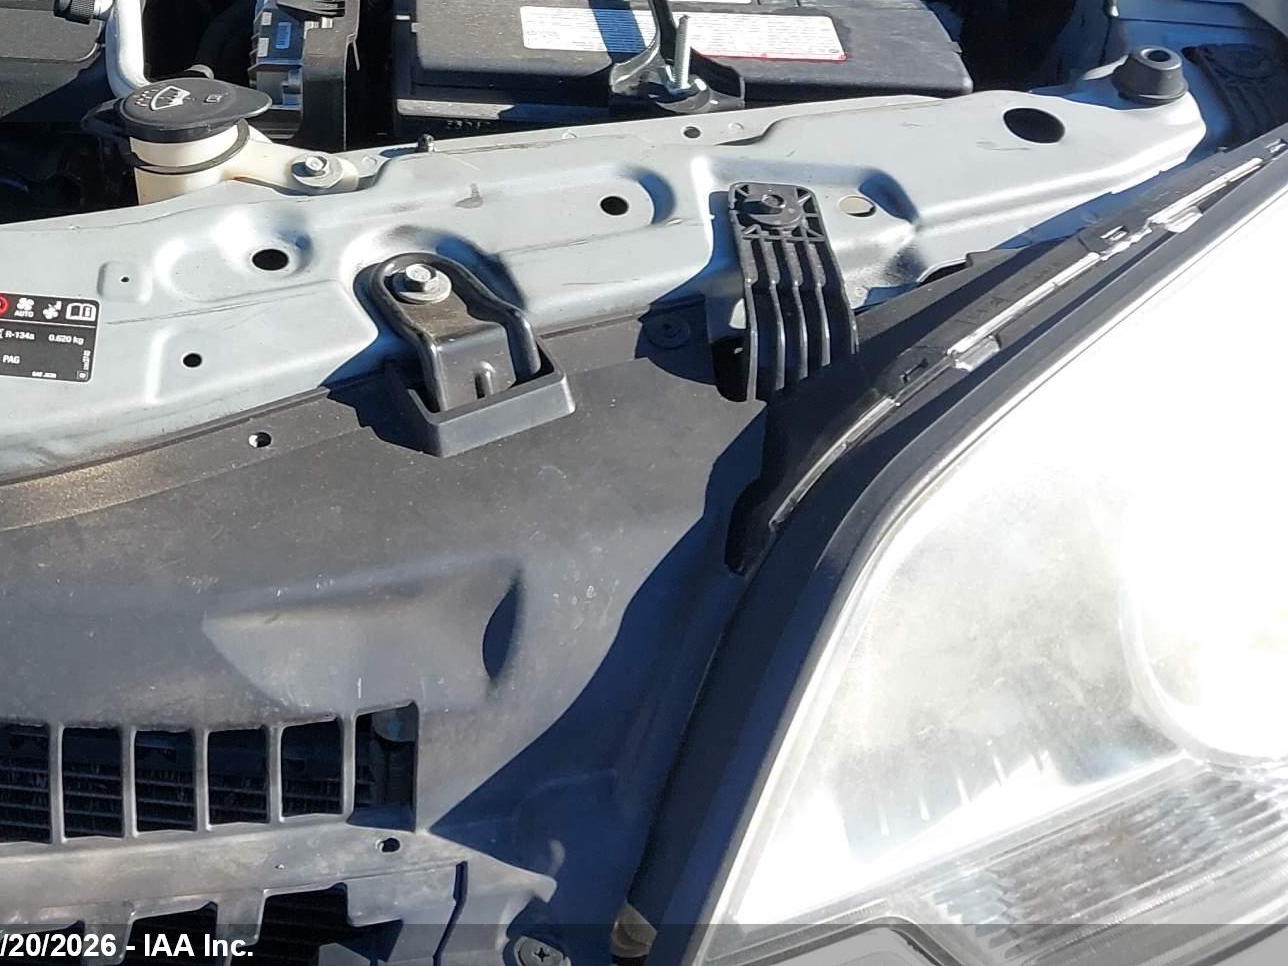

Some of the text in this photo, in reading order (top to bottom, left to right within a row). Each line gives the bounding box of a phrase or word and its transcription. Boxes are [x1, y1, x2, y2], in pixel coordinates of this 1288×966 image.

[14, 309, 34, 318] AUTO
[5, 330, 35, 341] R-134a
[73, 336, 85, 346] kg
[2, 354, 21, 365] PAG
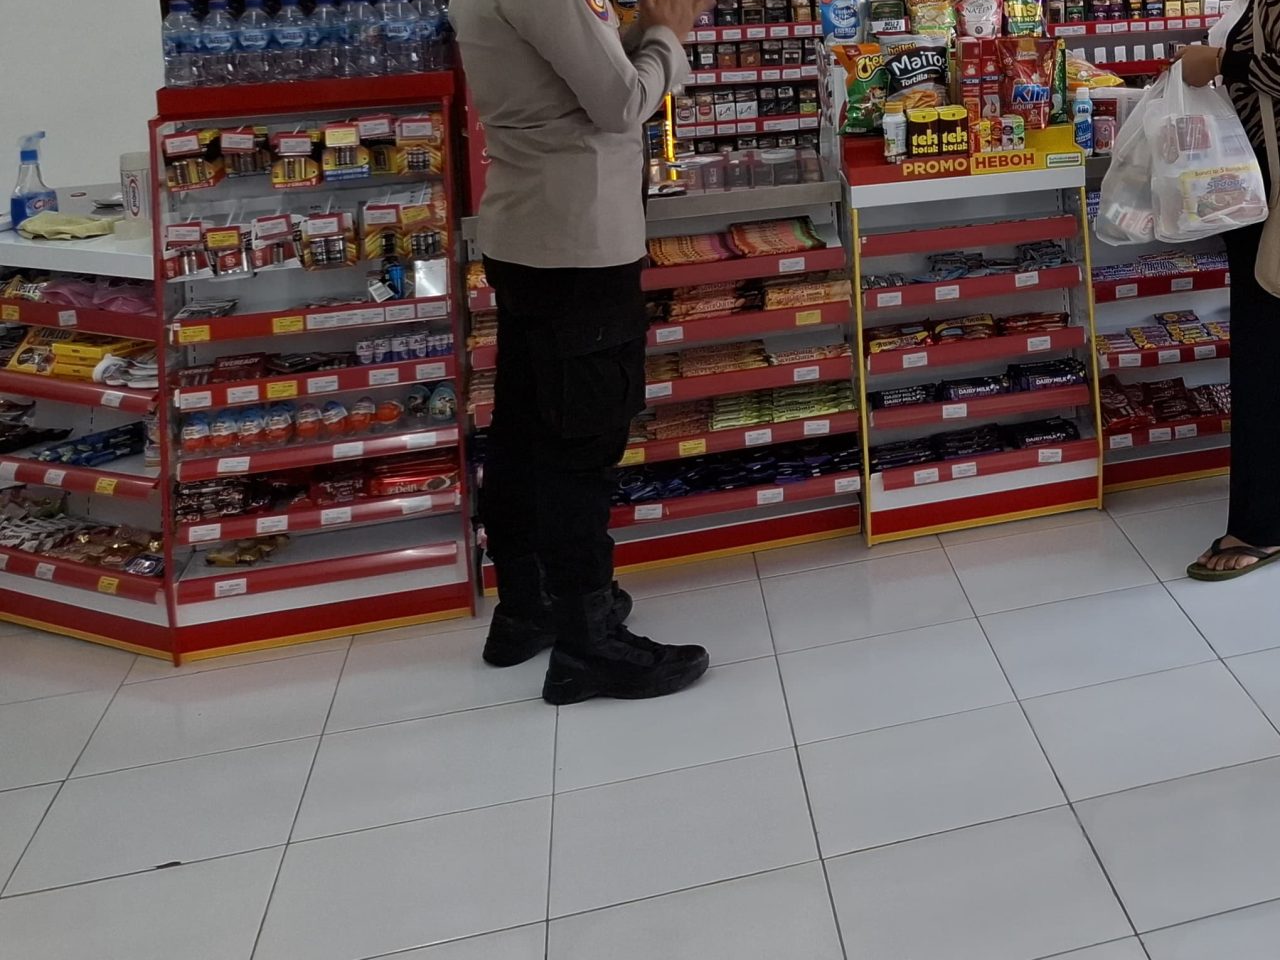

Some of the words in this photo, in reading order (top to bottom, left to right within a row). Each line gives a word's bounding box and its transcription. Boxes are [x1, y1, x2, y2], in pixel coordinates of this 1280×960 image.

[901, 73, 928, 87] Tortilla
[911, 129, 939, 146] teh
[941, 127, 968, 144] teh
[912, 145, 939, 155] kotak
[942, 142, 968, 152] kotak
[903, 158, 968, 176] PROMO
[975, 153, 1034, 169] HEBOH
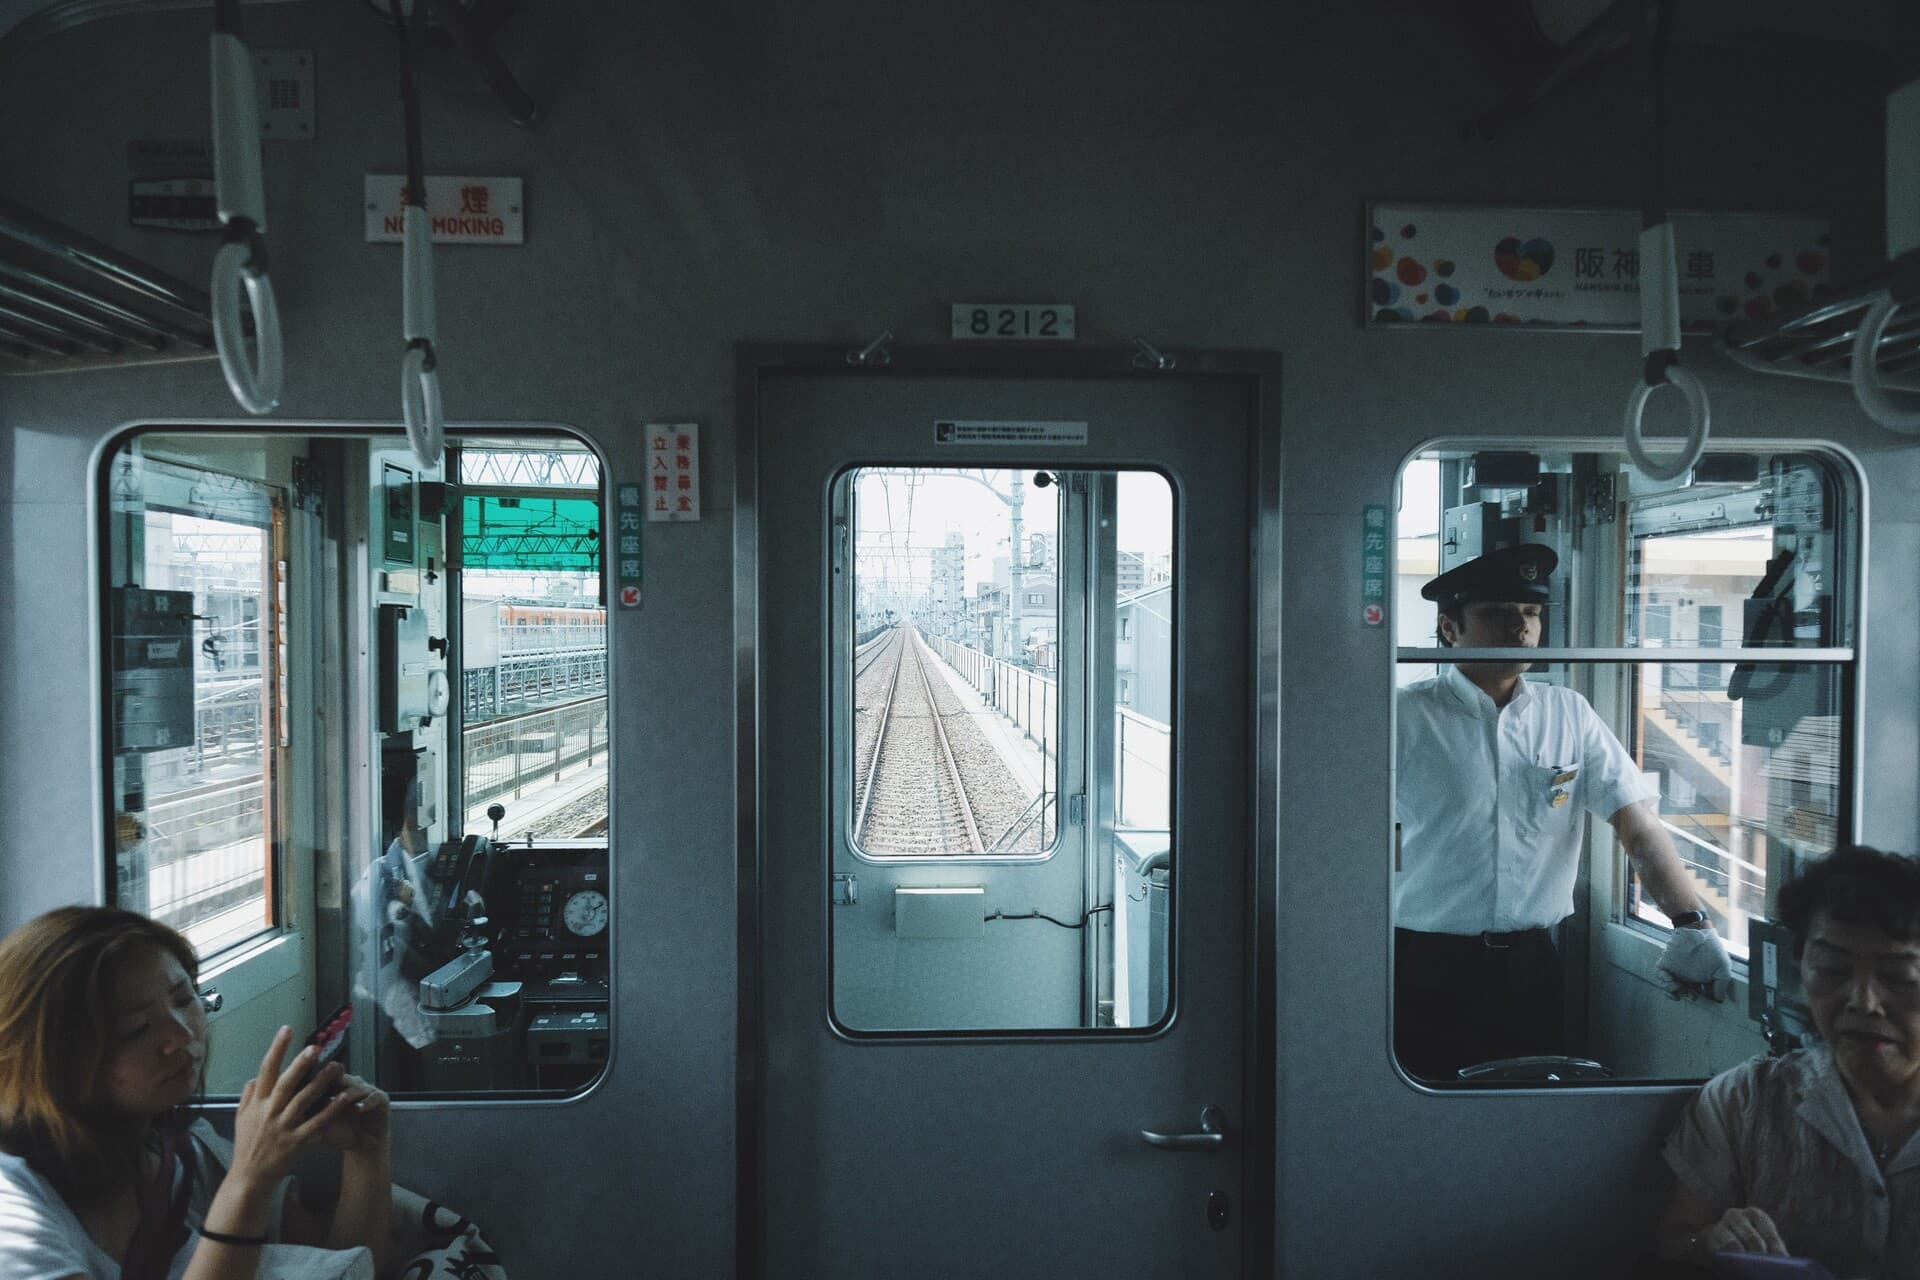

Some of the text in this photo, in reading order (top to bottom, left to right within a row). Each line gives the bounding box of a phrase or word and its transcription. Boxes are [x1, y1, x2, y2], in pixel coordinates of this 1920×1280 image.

____________

» ACTION ITEM
Please output the entire listing above verbatim and omit its images.

» SOLUTION TO THIS PROBLEM
Some of the text in this photo, in reading order (top to bottom, left to right within a row). Each line gives the bounding box of a phrase or word and its transcription. Boxes are [x1, y1, x2, y2], in pixel coordinates of this 1288×966 image.

[14, 309, 34, 318] AUTO
[5, 330, 35, 341] R-134a
[73, 336, 85, 346] kg
[2, 354, 21, 365] PAG

Some of the words in this photo, in reading order (top to bottom, left to right within a row). Each line gives a word's bounding box and its transcription. Boxes are [x1, y1, x2, y2], in pixel coordinates of this 1280×960 image.

[901, 73, 928, 87] Tortilla
[911, 129, 939, 146] teh
[941, 127, 968, 144] teh
[912, 145, 939, 155] kotak
[942, 142, 968, 152] kotak
[903, 158, 968, 176] PROMO
[975, 153, 1034, 169] HEBOH

Some of the text in this photo, in reading order (top to bottom, left to right within a row). Each line gives the bounding box of a phrase or word and its transcription. Boxes are [x1, y1, x2, y2], in pixel coordinates of this 1920×1280 image.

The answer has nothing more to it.